The rising demand for graduates with computer related skills is projected to be among the fastest growing fields between 2012-2022, and many of those jobs are among the highest paying in the nation. In the state of Montana, these same trends are evident. The focus of this project is to increase the number of students graduating with degrees in CS, and subsequently to increase the number of skilled young people who are able to live and work in the state of Montana—a result that would certainly boost its overall economy.

In this NSF funded project, we are expecting to achieve the following goals:

  • Broaden the CS curriculum available in Montana's public high schools so that more students are exposed to opportunities within CS
  • Increase the number of qualified computer science teachers in the state
  • Engage more high school students with various topics and activities in computer science.
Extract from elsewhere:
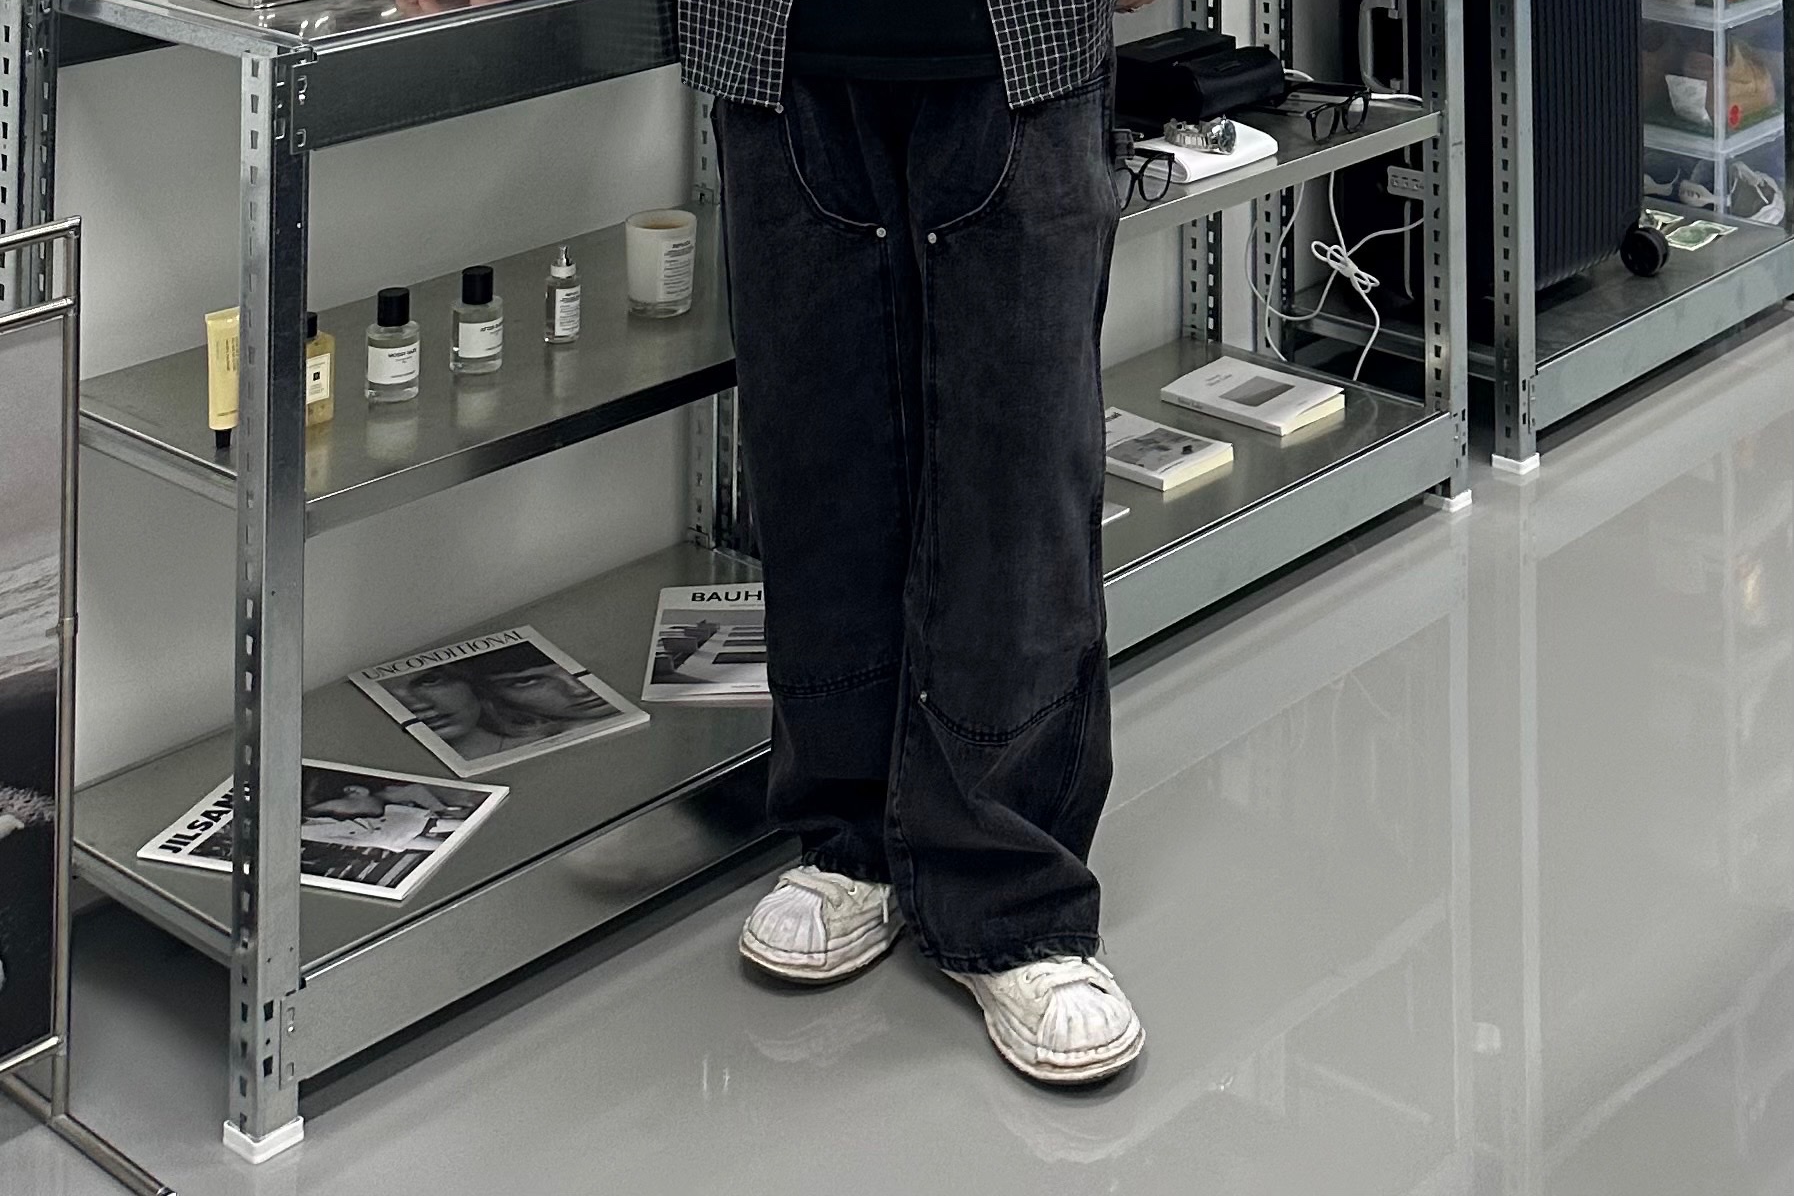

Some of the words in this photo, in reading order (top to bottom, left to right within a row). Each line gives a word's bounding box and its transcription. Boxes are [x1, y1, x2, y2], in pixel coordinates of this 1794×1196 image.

[691, 590, 762, 602] BAUH
[362, 630, 525, 680] UNCONDITIONAL
[158, 787, 234, 854] JILSAN
Rob Smith, Assistant Professor

Mass Spectrometry

Mass spectrometry is a critical tool for identifying and measuring chemical compounds in samples, information that is used in drug design, disease diagnosis, and many other applications. Current technology is limited in the accuracy of measurements and the quantity of compounds that can be detected, limiting contributions to these applications. The Smith lab develops advanced algorithms, interfaces, and backend infrastructure for computational mass spectrometry, leveraging computer science techniques to enable the analysis of significantly more compounds than current methods. The lab typically employs a large number of student researchers at the graduate and undergraduate level from computer science, biochemistry, and statistics.

Travis Wheeler, Assistant Chair of Computer Science

Computational Genomics

Our group develops methods in computational biology, with an emphasis on genomic sequence analysis. For the most part, that involves development of algorithms that increase the speed, power, and accuracy of methods for comparing biological sequences, using a mix of information theory, algorithm design, and software/hardware optimization. We also apply these methods to biology-motivated topics, especially those involving transposable elements and regulatory elements.

Human genome sequencing process

Alden Wright, Emeritus Professor


Humans are a technological species. Over the last 3 million years our evolution has been profoundly shaped by the things we make and use, which in turn have been impacted by the cultural abilities that humans possess. While we can no longer claim that either technology or culture is unique to humans, we do know that human abilities in these two areas are more complex than those of other species. Our cultural capacity allows us to store and transmit the knowledge and skills necessary to refine and innovate technologies, and in doing so to build on the advances made by the countless generations that have gone before us.

Researchers now see that human biology and culture are complexly connected, and that we can often understand the evolution of both culture and technology as processes that have analogies in biological evolution. This enables researchers to use theory and methods drawn from the biological sciences in order to understand cultural and technological change, and provides a powerful interdisciplinary approach to the study of human evolution.